Data records:
***

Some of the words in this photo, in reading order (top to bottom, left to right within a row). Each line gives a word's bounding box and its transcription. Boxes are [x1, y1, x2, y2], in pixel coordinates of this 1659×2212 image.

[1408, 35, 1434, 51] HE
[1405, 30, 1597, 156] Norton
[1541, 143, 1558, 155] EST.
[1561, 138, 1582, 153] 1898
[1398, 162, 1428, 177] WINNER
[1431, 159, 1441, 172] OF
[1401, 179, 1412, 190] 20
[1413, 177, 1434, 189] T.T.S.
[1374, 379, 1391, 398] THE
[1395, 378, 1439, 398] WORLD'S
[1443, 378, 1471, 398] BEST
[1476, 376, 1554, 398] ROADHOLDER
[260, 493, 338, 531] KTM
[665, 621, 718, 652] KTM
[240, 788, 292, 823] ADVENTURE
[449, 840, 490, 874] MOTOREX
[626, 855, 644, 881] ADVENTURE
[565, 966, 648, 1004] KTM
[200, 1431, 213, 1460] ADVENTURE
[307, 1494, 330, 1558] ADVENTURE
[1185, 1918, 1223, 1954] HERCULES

***

● Exercise brief: Each record above, in full: retype it verbatim.

● Task response:
Some of the words in this photo, in reading order (top to bottom, left to right within a row). Each line gives a word's bounding box and its transcription. Boxes are [x1, y1, x2, y2], in pixel coordinates of this 1659×2212 image.

[1408, 35, 1434, 51] HE
[1405, 30, 1597, 156] Norton
[1541, 143, 1558, 155] EST.
[1561, 138, 1582, 153] 1898
[1398, 162, 1428, 177] WINNER
[1431, 159, 1441, 172] OF
[1401, 179, 1412, 190] 20
[1413, 177, 1434, 189] T.T.S.
[1374, 379, 1391, 398] THE
[1395, 378, 1439, 398] WORLD'S
[1443, 378, 1471, 398] BEST
[1476, 376, 1554, 398] ROADHOLDER
[260, 493, 338, 531] KTM
[665, 621, 718, 652] KTM
[240, 788, 292, 823] ADVENTURE
[449, 840, 490, 874] MOTOREX
[626, 855, 644, 881] ADVENTURE
[565, 966, 648, 1004] KTM
[200, 1431, 213, 1460] ADVENTURE
[307, 1494, 330, 1558] ADVENTURE
[1185, 1918, 1223, 1954] HERCULES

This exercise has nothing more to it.